## [The problem]
Transcribe all records exactly; omit pictures.

## [Stored data]
..............................

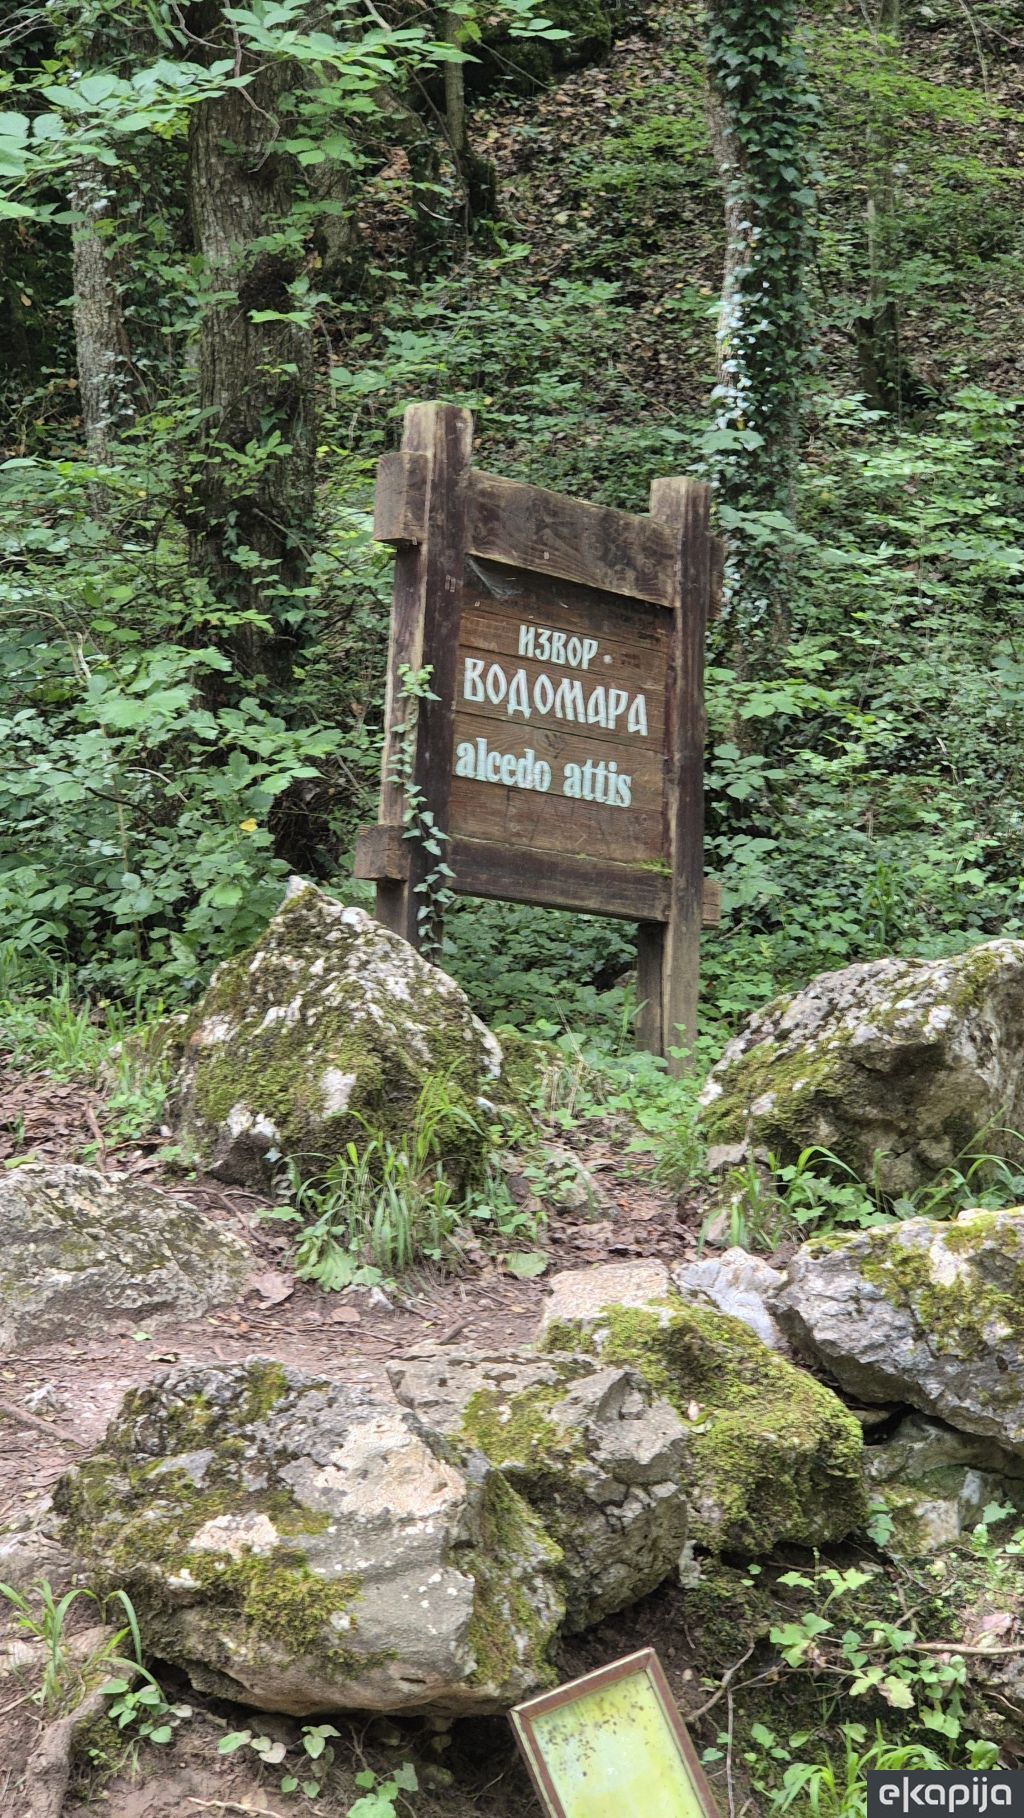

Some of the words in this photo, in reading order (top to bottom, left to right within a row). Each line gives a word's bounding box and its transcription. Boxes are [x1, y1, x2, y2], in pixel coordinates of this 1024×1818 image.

[518, 624, 599, 670] ИЗВОР
[463, 657, 649, 736] ВОДОМАРА
[455, 737, 552, 792] alcedo
[563, 759, 632, 808] attis

..............................

## [Answer below]
Some of the words in this photo, in reading order (top to bottom, left to right within a row). Each line gives a word's bounding box and its transcription. Boxes are [x1, y1, x2, y2], in pixel coordinates of this 1024×1818 image.

[518, 624, 599, 670] ИЗВОР
[463, 657, 649, 736] ВОДОМАРА
[455, 737, 552, 792] alcedo
[563, 759, 632, 808] attis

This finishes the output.